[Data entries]
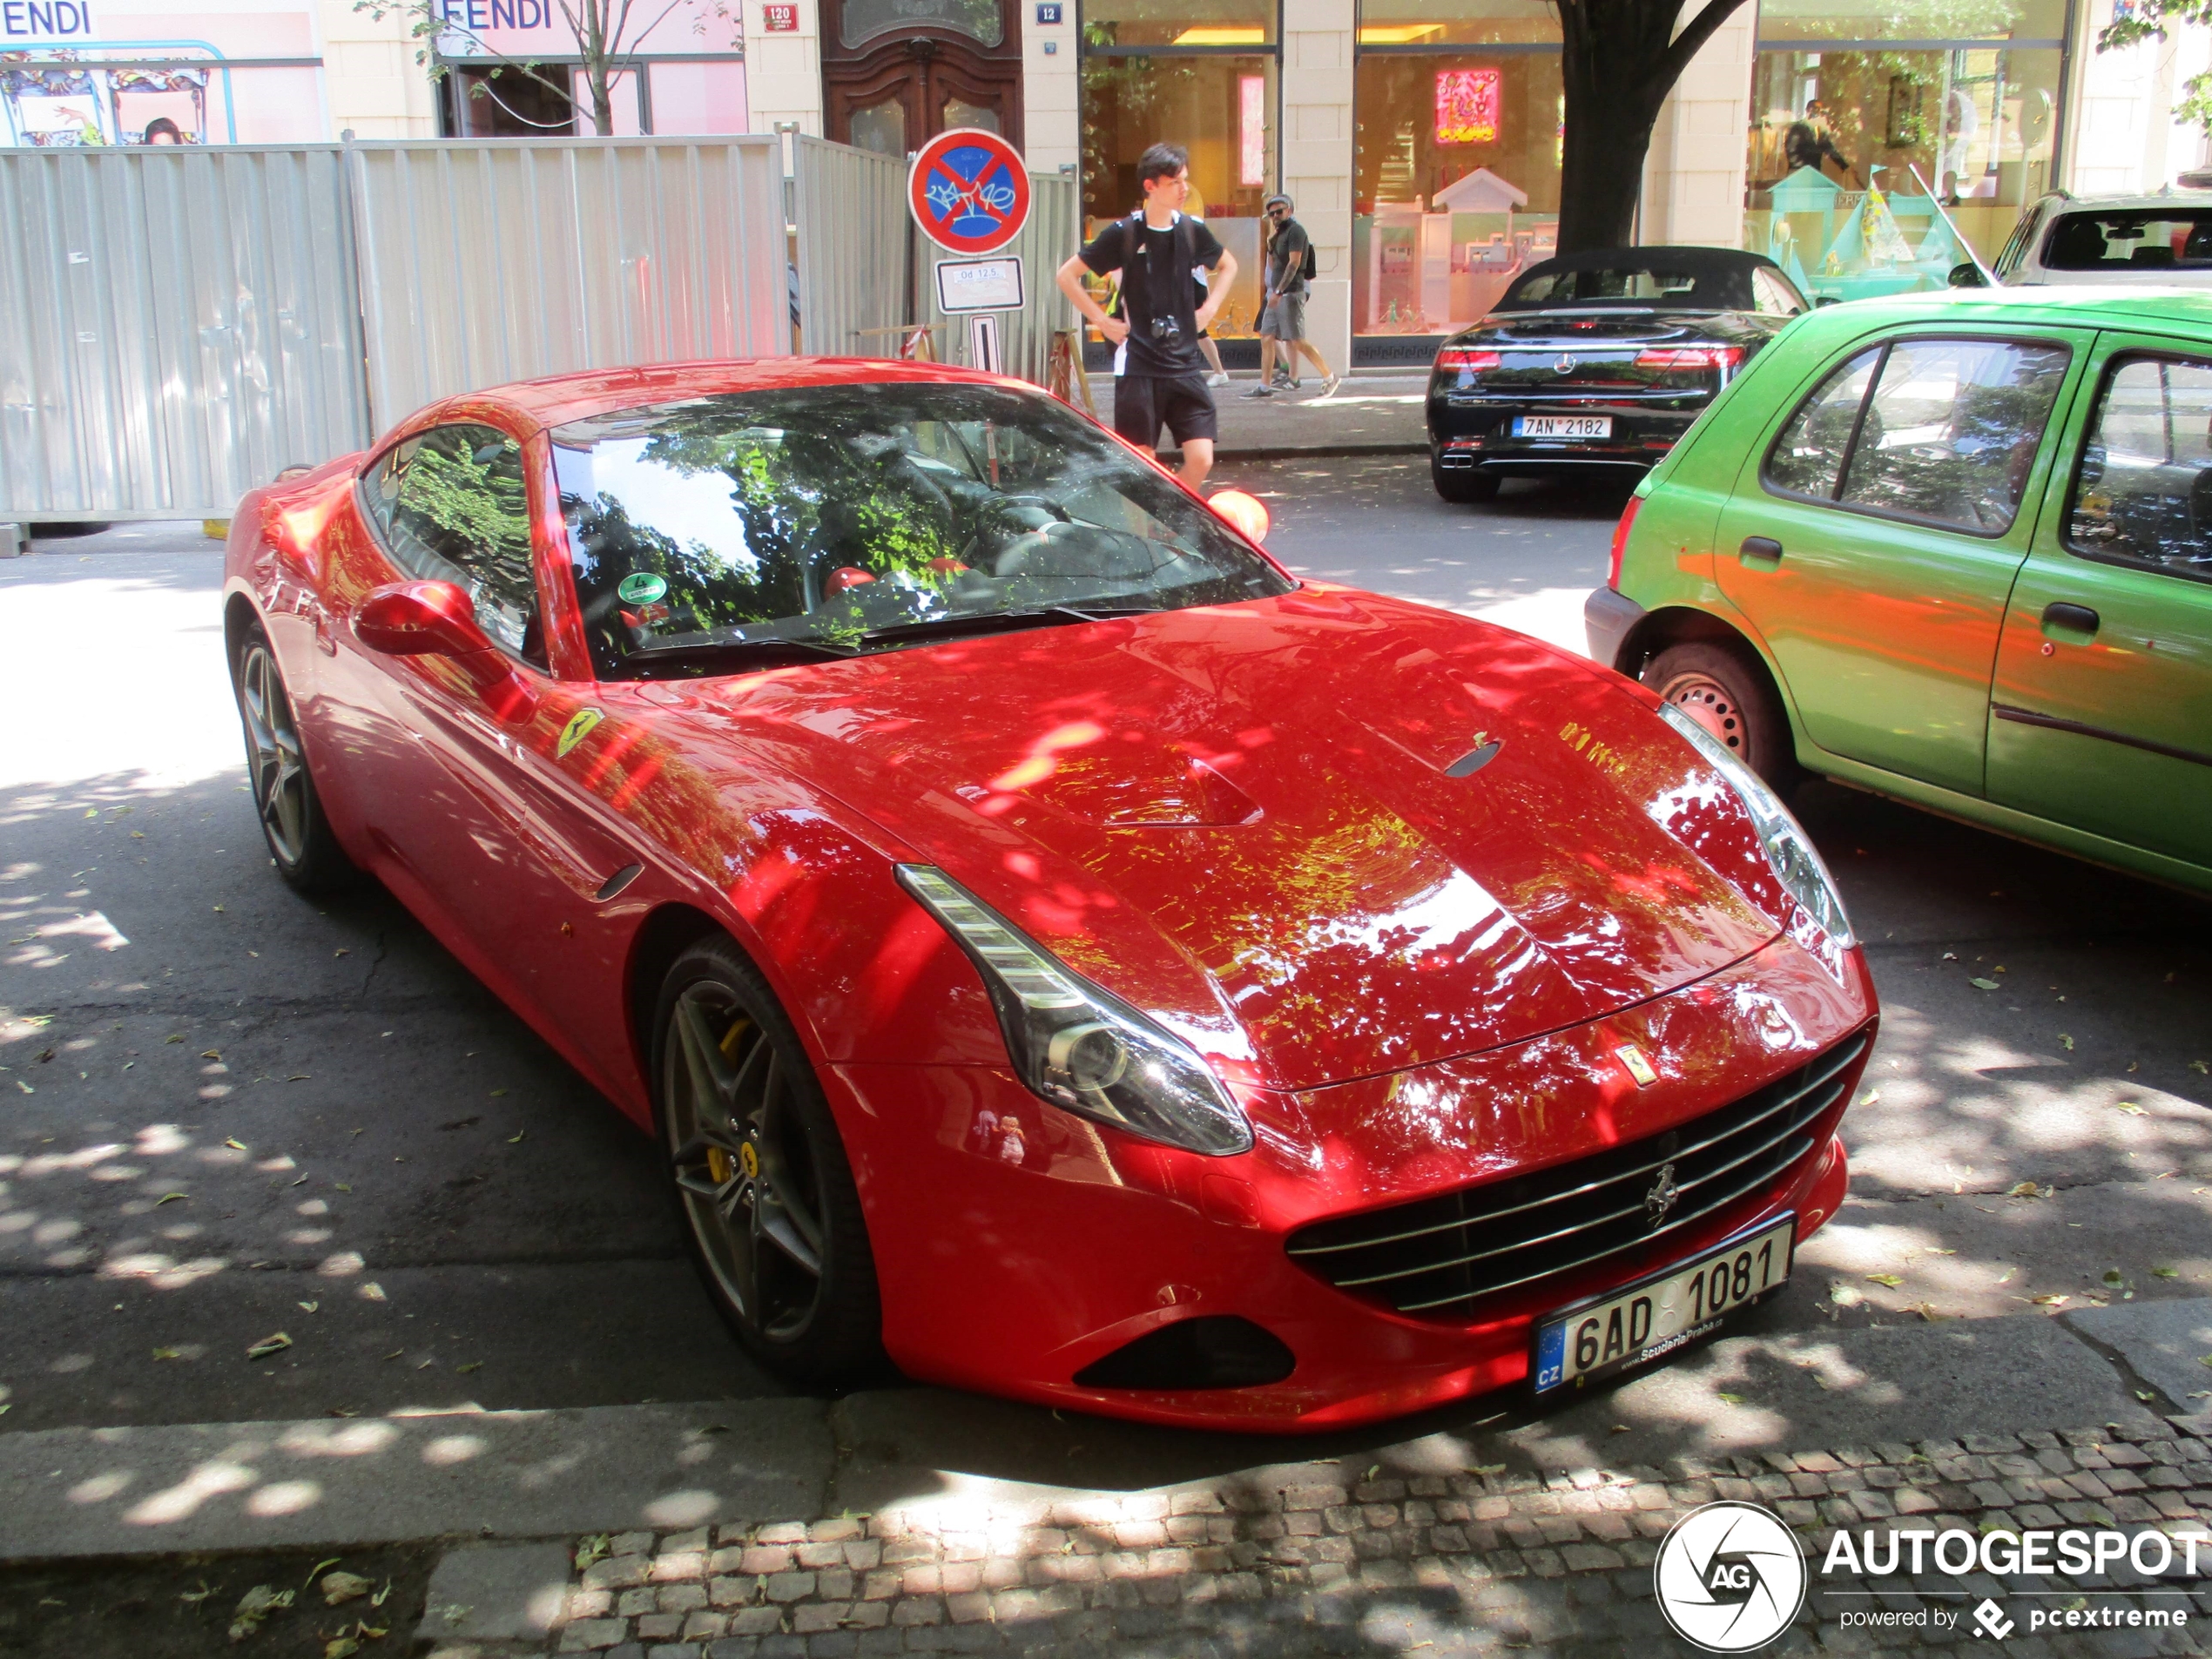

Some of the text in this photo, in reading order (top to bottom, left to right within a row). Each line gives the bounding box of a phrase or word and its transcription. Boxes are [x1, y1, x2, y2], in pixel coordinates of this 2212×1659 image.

[442, 0, 551, 30] FENDI
[771, 7, 790, 19] 120
[1043, 8, 1055, 20] 12
[1527, 419, 1603, 435] 7AN 2182
[1575, 1238, 1772, 1371] 6AD 1081
[1538, 1365, 1560, 1386] CZ

## Problem requirements
Set down the entries exactly as they appear, with every picture left out.

## Your solution
Some of the text in this photo, in reading order (top to bottom, left to right within a row). Each line gives the bounding box of a phrase or word and its transcription. Boxes are [x1, y1, x2, y2], in pixel coordinates of this 2212×1659 image.

[442, 0, 551, 30] FENDI
[771, 7, 790, 19] 120
[1043, 8, 1055, 20] 12
[1527, 419, 1603, 435] 7AN 2182
[1575, 1238, 1772, 1371] 6AD 1081
[1538, 1365, 1560, 1386] CZ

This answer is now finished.